Task description
What you submit must be an exact copy of the listing below, with no images in it.

Entries provided
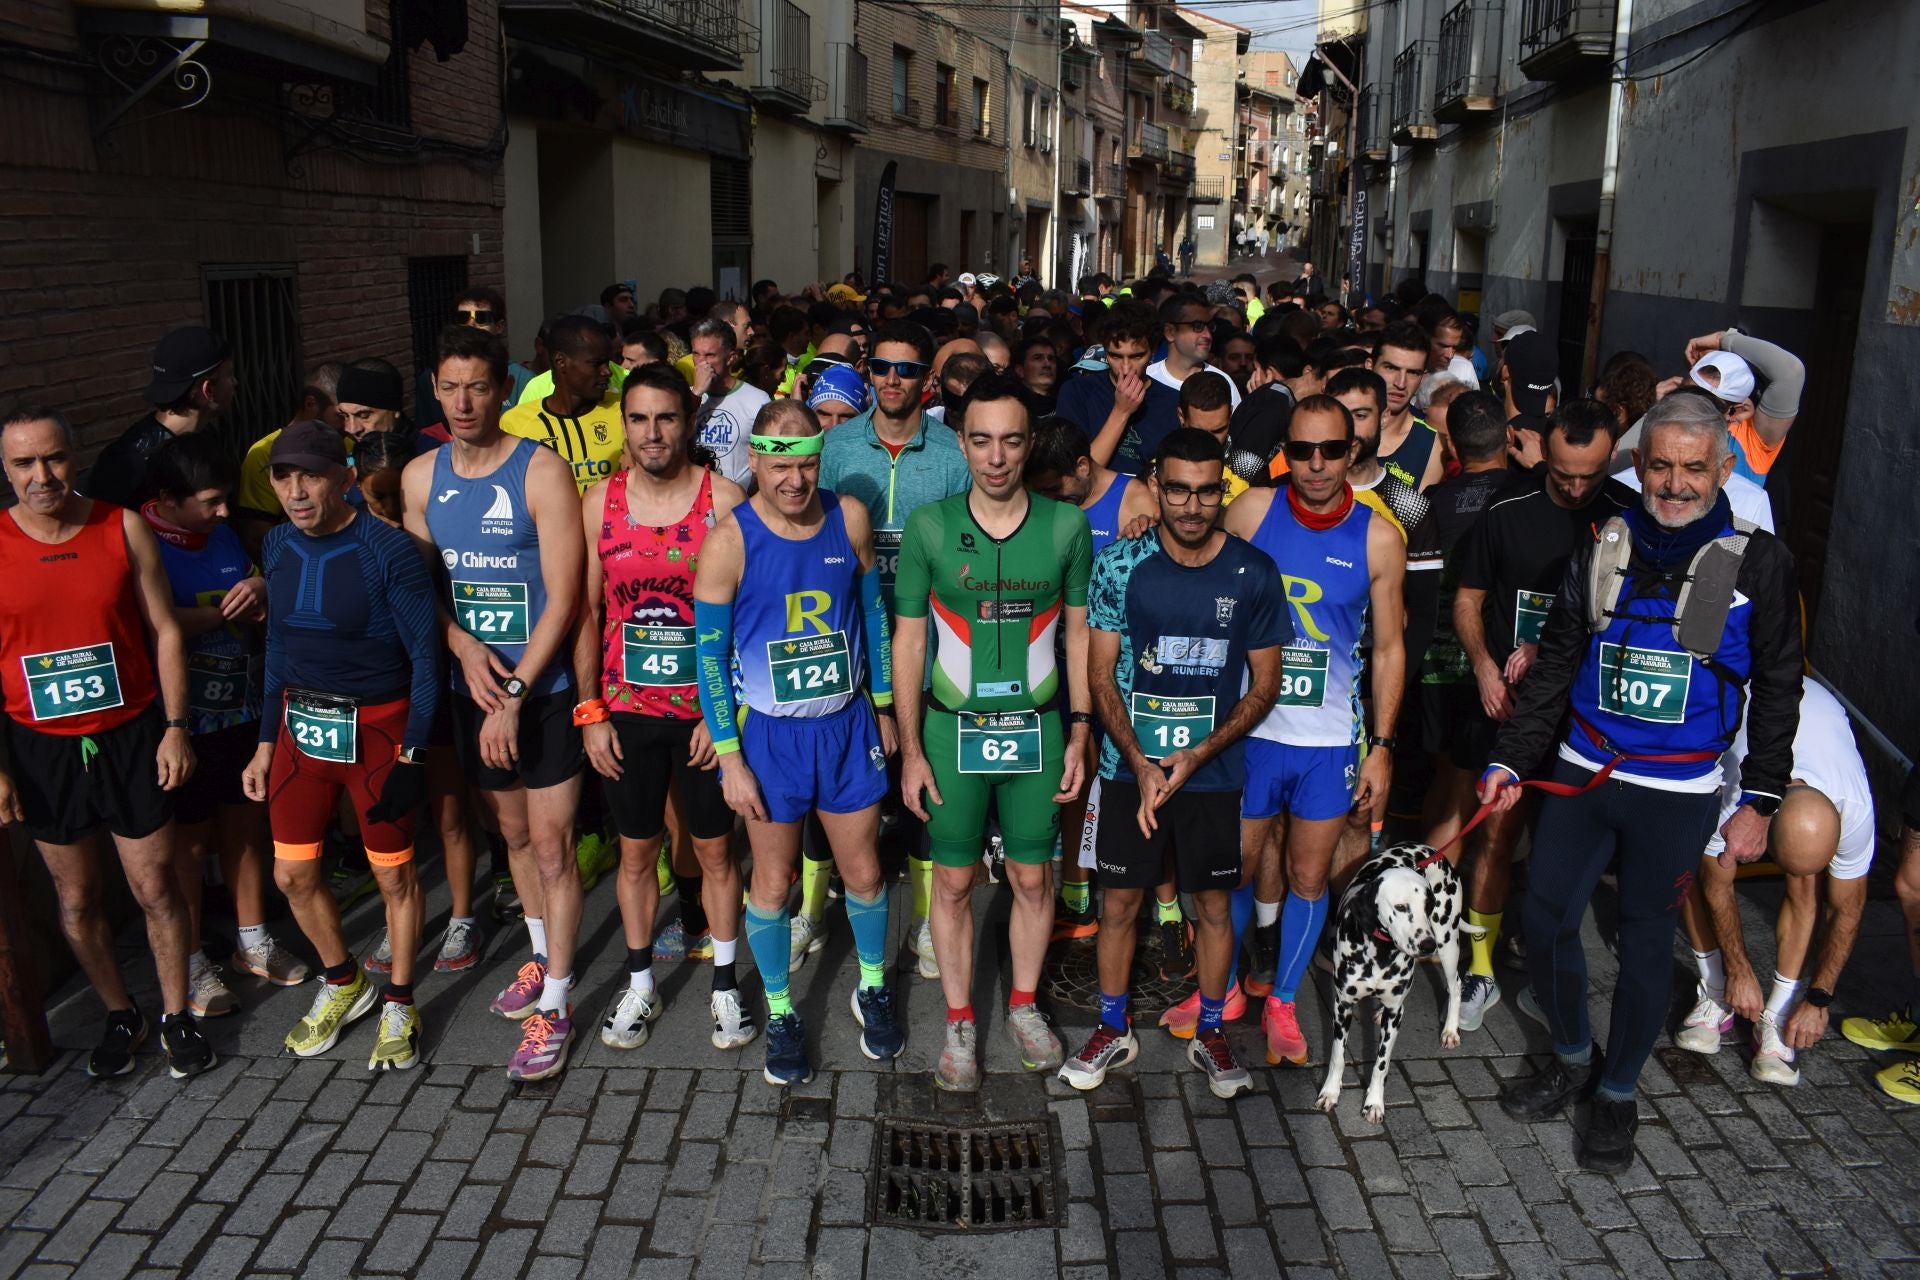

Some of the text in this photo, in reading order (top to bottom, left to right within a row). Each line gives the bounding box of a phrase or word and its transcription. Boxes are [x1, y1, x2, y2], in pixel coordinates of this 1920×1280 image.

[640, 88, 688, 129] CaixaBank
[492, 526, 513, 536] Rioja
[461, 551, 517, 569] Chiruca
[963, 576, 1050, 592] CataNatura
[785, 589, 833, 635] R
[1280, 573, 1331, 642] R
[465, 609, 514, 632] 127
[799, 638, 832, 649] CAJA RURAL
[809, 643, 835, 652] NAVARRA
[55, 650, 94, 662] CAJA RURAL
[67, 655, 98, 665] NAVARRA
[642, 653, 679, 675] 45
[1286, 656, 1313, 664] NAVARRA
[1640, 660, 1672, 669] NAVARRA
[1646, 654, 1670, 663] RURAL
[787, 661, 840, 690] 124
[1172, 665, 1219, 678] RUNNERS
[44, 675, 106, 705] 153
[203, 681, 235, 701] 82
[1280, 675, 1313, 696] 30
[1611, 676, 1672, 708] 207
[713, 699, 731, 729] RIOJA
[295, 721, 338, 750] 231
[1154, 725, 1190, 748] 18
[982, 738, 1019, 761] 62

Task answer
Some of the text in this photo, in reading order (top to bottom, left to right within a row). Each line gives the bounding box of a phrase or word and its transcription. Boxes are [x1, y1, x2, y2], in pixel coordinates of this 1920×1280 image.

[640, 88, 688, 129] CaixaBank
[492, 526, 513, 536] Rioja
[461, 551, 517, 569] Chiruca
[963, 576, 1050, 592] CataNatura
[785, 589, 833, 635] R
[1280, 573, 1331, 642] R
[465, 609, 514, 632] 127
[799, 638, 832, 649] CAJA RURAL
[809, 643, 835, 652] NAVARRA
[55, 650, 94, 662] CAJA RURAL
[67, 655, 98, 665] NAVARRA
[642, 653, 679, 675] 45
[1286, 656, 1313, 664] NAVARRA
[1640, 660, 1672, 669] NAVARRA
[1646, 654, 1670, 663] RURAL
[787, 661, 840, 690] 124
[1172, 665, 1219, 678] RUNNERS
[44, 675, 106, 705] 153
[203, 681, 235, 701] 82
[1280, 675, 1313, 696] 30
[1611, 676, 1672, 708] 207
[713, 699, 731, 729] RIOJA
[295, 721, 338, 750] 231
[1154, 725, 1190, 748] 18
[982, 738, 1019, 761] 62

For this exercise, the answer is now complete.